Over the past week the internet has been set ablaze with stories of Zelensky’s achievements not only as a leader, but as an entertainer. He isn’t Michael Caine – he isn’t even Michael McIntyre – but he offers a natural charisma and likability that is missing in a world of Boris Johnsons and Joe Bidens.

There’s something very human about a man willing to risk embarrassment on a televised dancing competition, and something very endearing about him voicing everybody’s favourite fictional bear, Paddington. Servant of the People is a glimpse into why Ukraine stands behind a man whose enemies are desperate to label him a clown, unfit to lead his nation.
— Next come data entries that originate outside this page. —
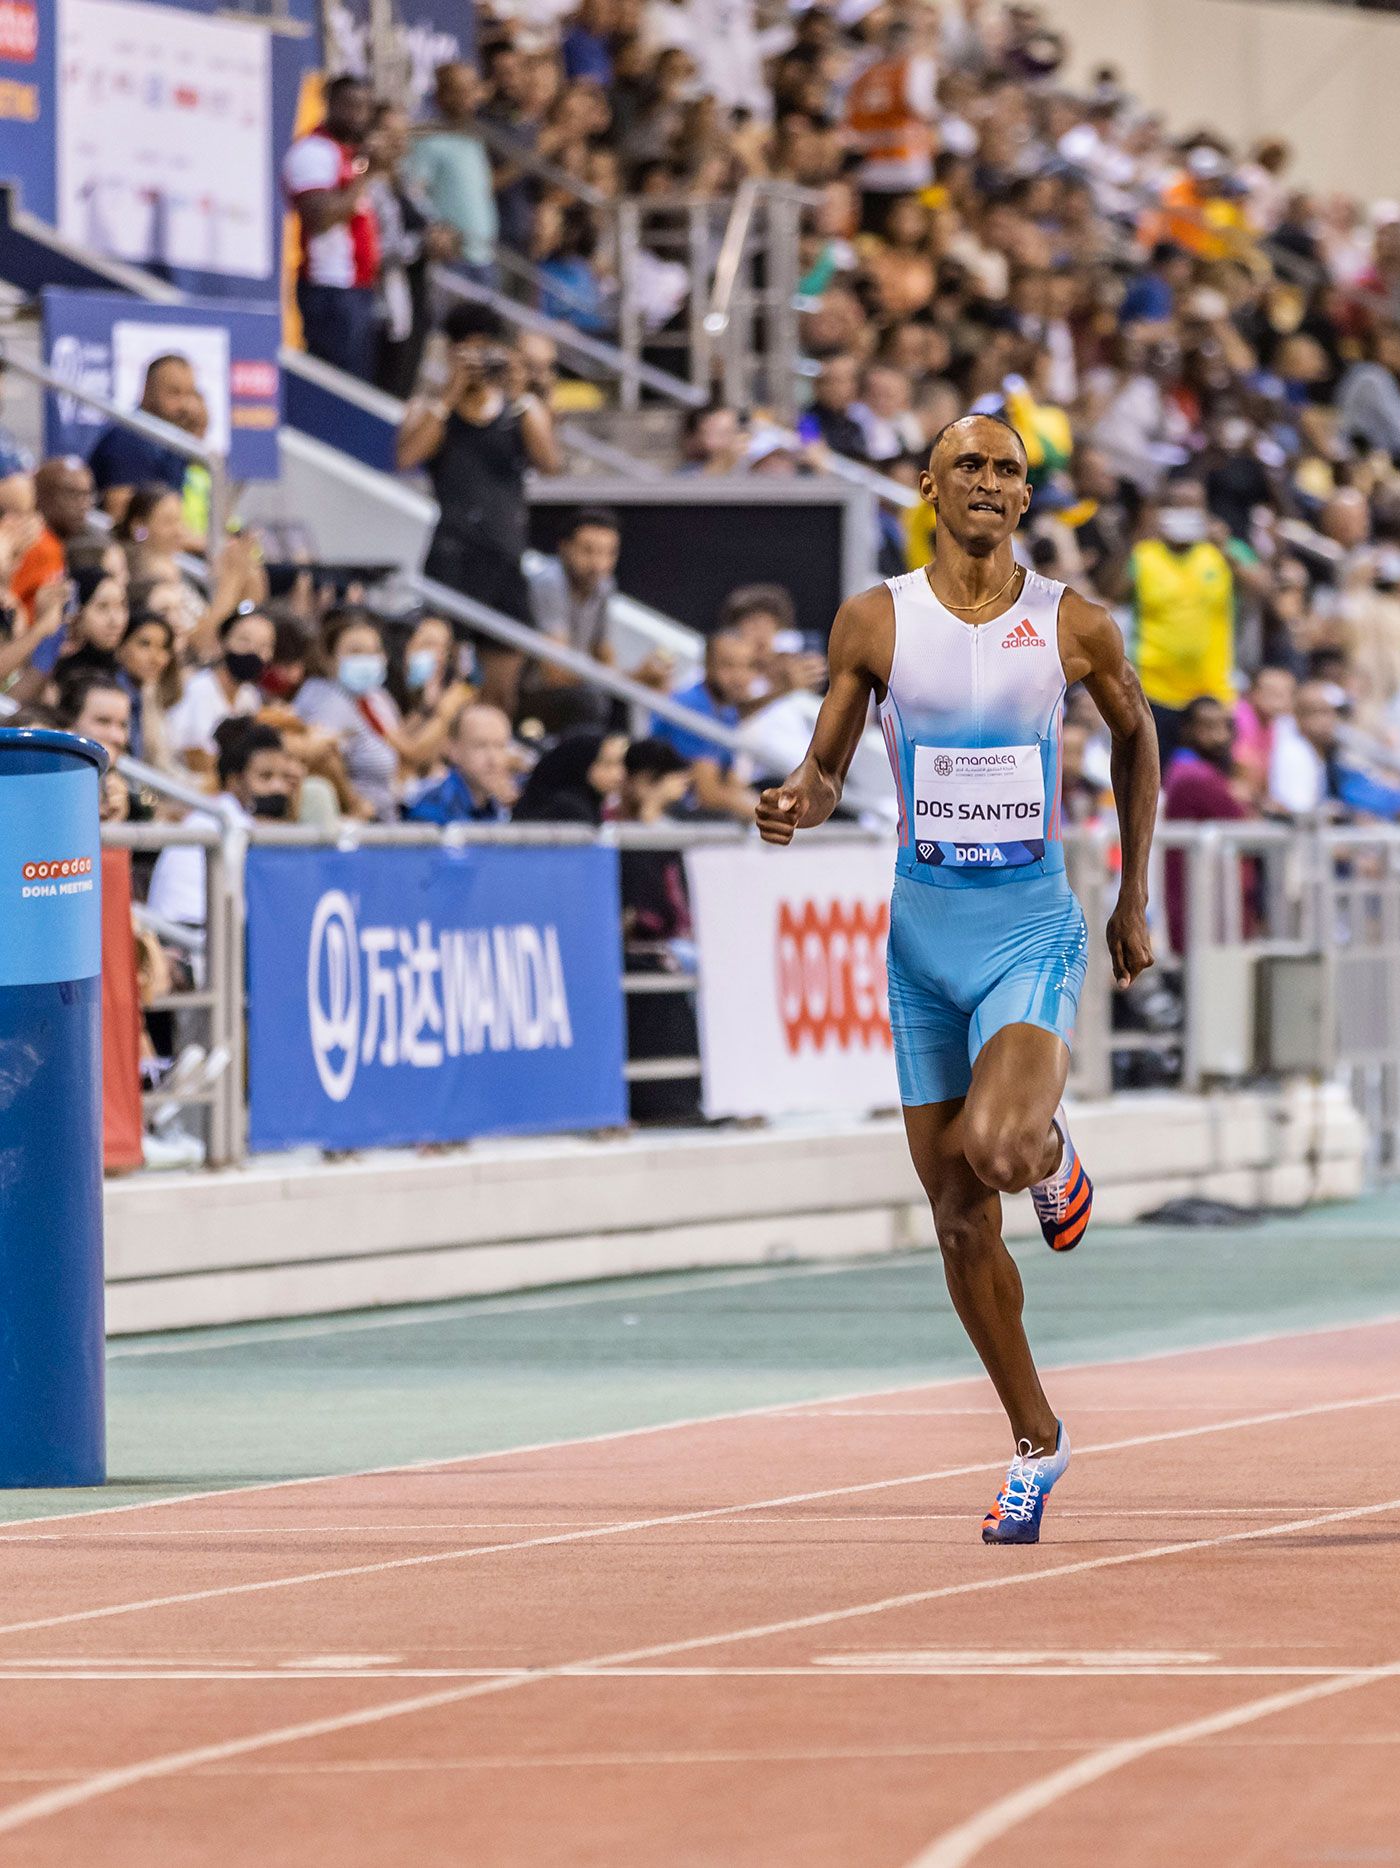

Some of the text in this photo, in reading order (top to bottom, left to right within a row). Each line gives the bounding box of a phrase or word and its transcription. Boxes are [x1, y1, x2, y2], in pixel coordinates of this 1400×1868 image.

[1001, 636, 1046, 649] adidas
[955, 753, 1018, 769] manateq
[915, 799, 1041, 820] DOS SANTOS
[955, 846, 1004, 862] DOHA
[24, 858, 92, 879] ooredoo
[21, 880, 94, 898] DOHA MEETING
More than that, it’s a look at a type of politics that we tell ourselves simply isn’t achievable. It is achievable. It’s so achievable that when people like Zelensky successful, they are met with a kind of unhinged, desperate violence that does little more than prove them just and noble.

The first two seasons of Servant of the People can be found on YouTube, with English subtitles. It can be a hard watch at times, given the current context, but I can’t recommend it enough. As a piece of history, it’s a fascinating artefact of a pre-war Ukraine; as a piece of entertainment, it’s a powerful and at times uplifting reminder of the man behind the headlines.